Pour Alpha Oumar Konaré, « les États membres doivent absolument rompre avec les improvisations et le recours systématique à l’assistance extérieure. Ils doivent faire preuve de la remarquable volonté politique d’affranchir l’outil dont ils se sont dotés de la pesante dépendance extérieure. La contribution attendue du partenariat avec l’extérieur doit redevenir ce qu’elle n’aurait jamais du cesser d’être : un appui complémentaire. » Dans le but de financer le CPS, l’UA envisage d’accroître son transfert budgétaire annuel de 6 % à 10 %, de promouvoir des actions de mobilisation des ressources et, surtout, de convaincre les États de l’intérêt qu’ils peuvent trouver à promouvoir un instrument qui aurait le pouvoir « d’anticiper et de prévenir les politiques susceptibles de conduire à un génocide ou à des crimes contre l’humanité ».
À l’avenir, le CPS devrait être soutenu par un « Groupes des sages », composé de cinq personnalités africaines « hautement respectées », dont les noms n’ont pour le moment pas encore été évoqués.
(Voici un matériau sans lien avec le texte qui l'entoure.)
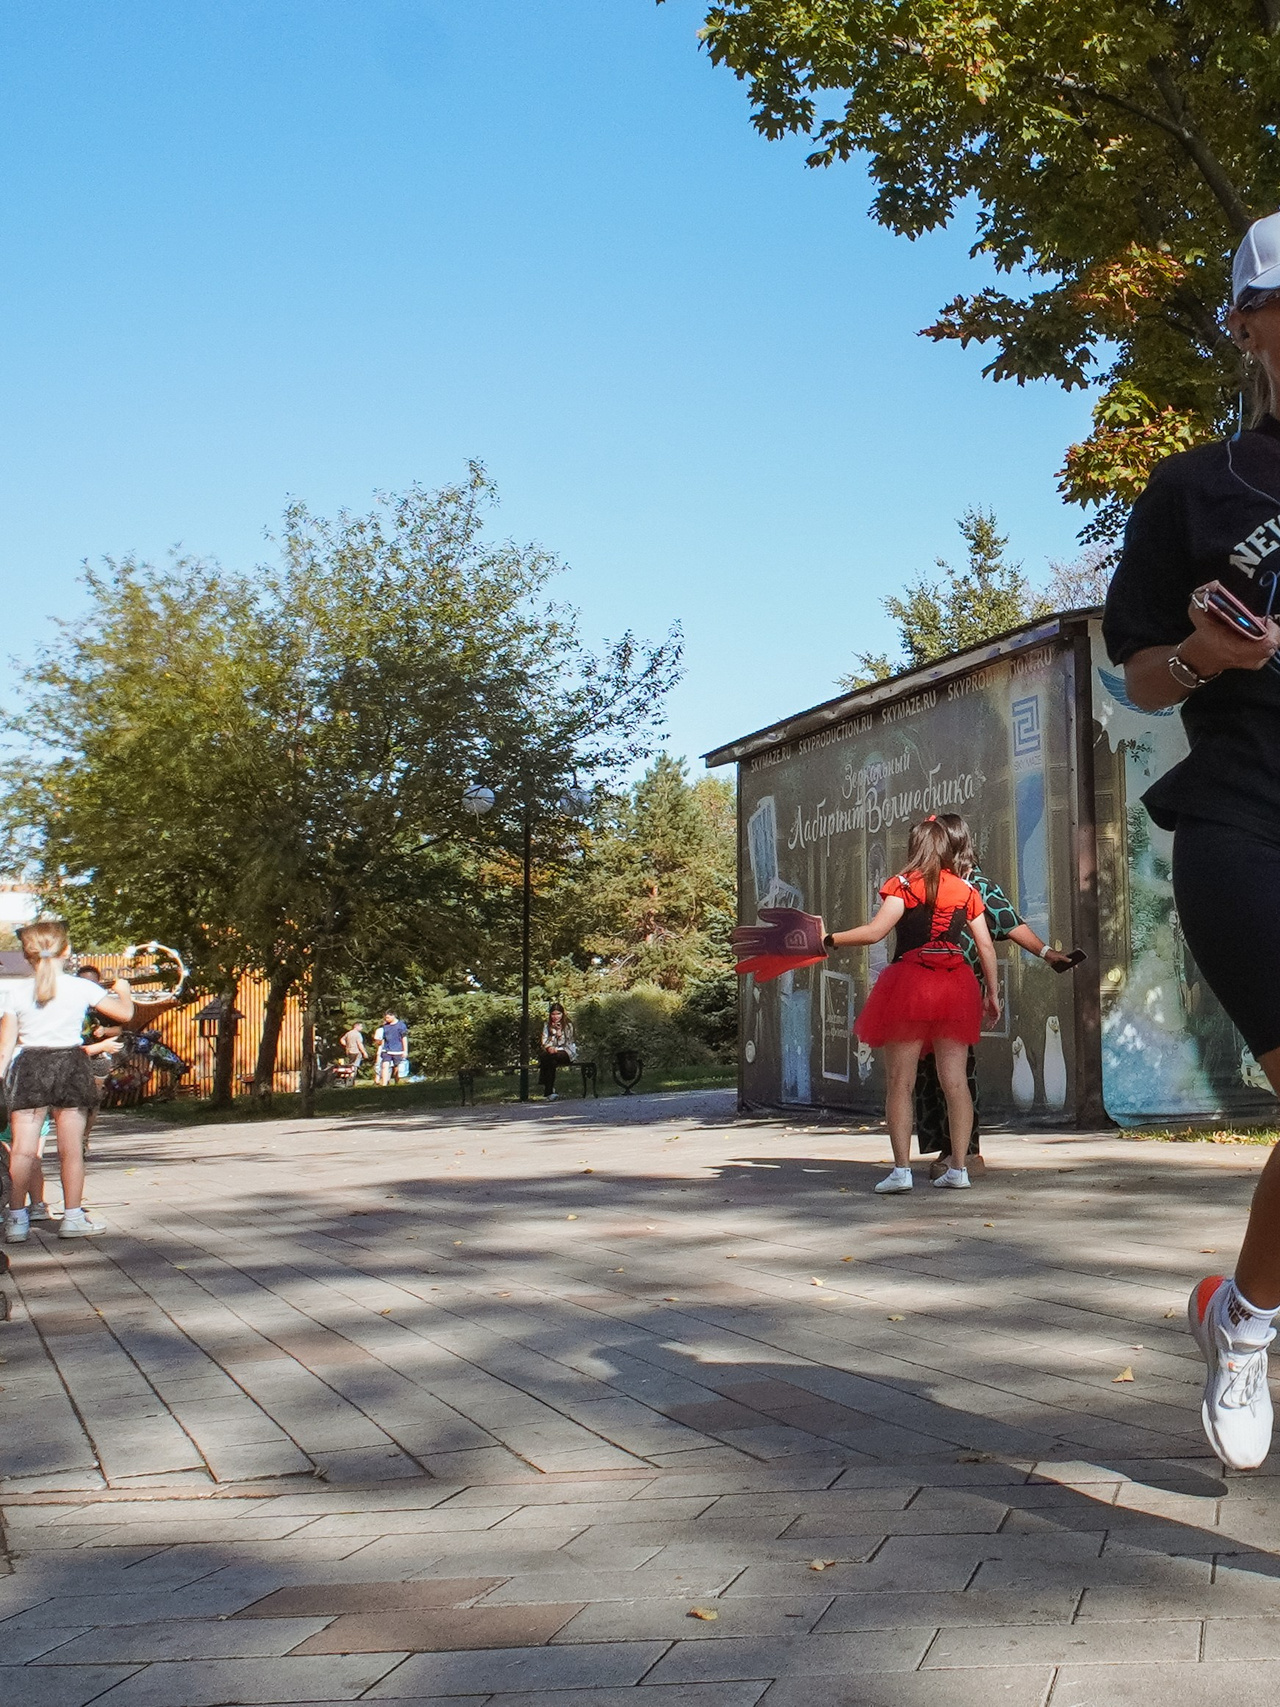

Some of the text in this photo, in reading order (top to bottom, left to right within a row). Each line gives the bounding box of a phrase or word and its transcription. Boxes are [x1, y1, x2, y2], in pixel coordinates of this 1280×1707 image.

[881, 690, 937, 725] SKYMAZE.RU
[787, 763, 975, 858] Лабиринт Волшебника
La Commission planche toujours sur la mise en place d’un « système continental d’alerte rapide » qui renforcerait le mandat du CPS en ce qui concerne la prévention des conflits.
Plus important peut-être, la création de la Force africaine en attente (FAA) d’ici à 2010. Au cours d’une première étape, des spécialistes seront recrutés et chargés d’étudier les situations délicates, comme au Darfour (Soudan) ou en Somalie. La deuxième étape devrait permettre de déboucher sur la mise en place de cinq brigades (environ 1 500 hommes) capables d’intervenir dans des opérations complexes de maintien de la paix. À ce jour, les seuls pays pourvoyeurs de troupes sont l’Afrique du Sud, le Mozambique et l’Éthiopie. Mais d’ores et déjà, le CPS souhaite envoyer environ deux cents personnes, dont soixante observateurs militaires, dans la région du Darfour, tandis que Konaré appelle de ses voeux une résolution des conflits qui déchirent l’Ouganda, le Burundi, la Somalie ou la Côte d’Ivoire, et ceux qui opposent l’Éthiopie et l’Érythrée ou le Rwanda et la RDC.
Si des actions ont déjà lieu au Burundi (Mission africaine, récemment remplacée par quelque 6 000 Casques bleus) ou aux Comores, le CPS va devoir batailler ferme pour acquérir la légitimité et les moyens de faire entendre sa voix sur l’ensemble du continent. L’absence de droit de veto pourrait cependant l’exonérer des paralysies propres au Conseil de sécurité de l’ONU. Mais encore faudra-t-il que le CPS soit entendu. Pour la représentante de l’Ouganda, interrogée sur le conflit qui ravage le nord du pays depuis plus de dix-sept ans, « si la situation est stabilisée dans le sud du Soudan, cela aura un impact direct sur le nord de l’Ouganda. Nous n’avons pas besoin d’une force d’intervention. Le véritable problème, c’est que le chef de l’Armée de résistance du Seigneur, Joseph Kony, est au Soudan. » L’idée que le CPS puisse intervenir en Ouganda ne semble pas à l’ordre du jour… Mais, comme le soulignent nombre de responsables, au premier rang desquels Saïd Djinnit, commissaire de l’UA chargé de la paix et de la sécurité, qui ne doute pas de la volonté politique du CPS, « tous les problèmes ne peuvent être résolus du jour au lendemain ».